The theory of knotted trees is obviously trivial. So given a knotted graph $\Gamma$, take a maximal tree in it and you can bring it to a standard form, say to be embedded as a planar object inside a tiny disk that is disjoint from the rest of the knotted graph; which is just the finitely many arcs that make the complement of the tree. But now you can draw $\Gamma$ in the plane so that "everything interesting" (namely, the complement of the tree) is outside of a small disk. Do inversion, and you have a fixed tree outside the disk and a tangle inside it. (Some details depend on whether your vertices are rigid or not, or "thickened" or not, but the conclusion is always more or less the same).

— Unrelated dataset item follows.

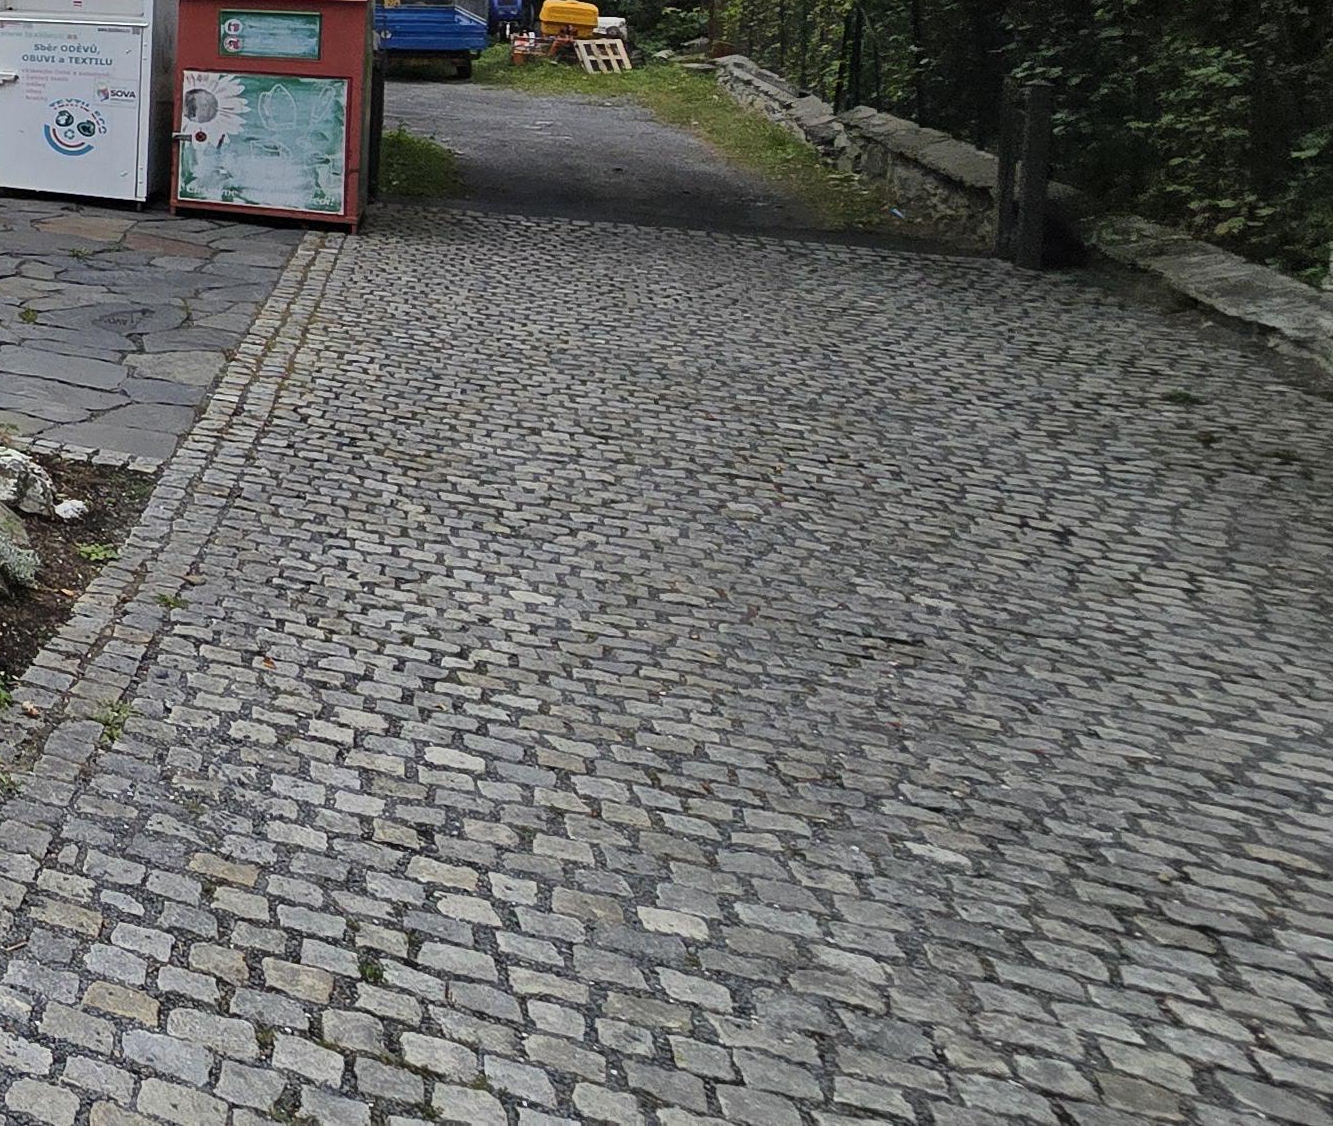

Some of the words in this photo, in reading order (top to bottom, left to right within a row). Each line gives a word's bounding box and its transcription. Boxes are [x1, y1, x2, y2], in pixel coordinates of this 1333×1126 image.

[34, 43, 58, 52] Sběr
[21, 54, 55, 63] OBUVI
[68, 56, 113, 65] TEXTILU
[110, 89, 136, 98] SOVA

This correspondence between knotted graphs and tangles is not canonical - it depends on the (combinatorial) choice of a maximal tree, and modifying that choice modifies the resulting tangle (in simple ways that will not be stated here).
So topologically speaking, "knotted graphs" are not interesting. They are merely tangles, along with a bit of further combinatorial data (mostly the tree). If you totally understand the theory of tangles (modulo some simple to state actions, which also depend on what rigidity assumptions are made for the vertices), you'd totally understand knotted graphs.
Yet there's lot's of beautiful information in the interaction between the combinatorics of the graph and the topology of the tangle. For example, see my recent paper with Zsuzsanna Dancso, arXiv:1103.1896, in which we study the relationship between knotted trivalent graphs and Drinfel'd associators.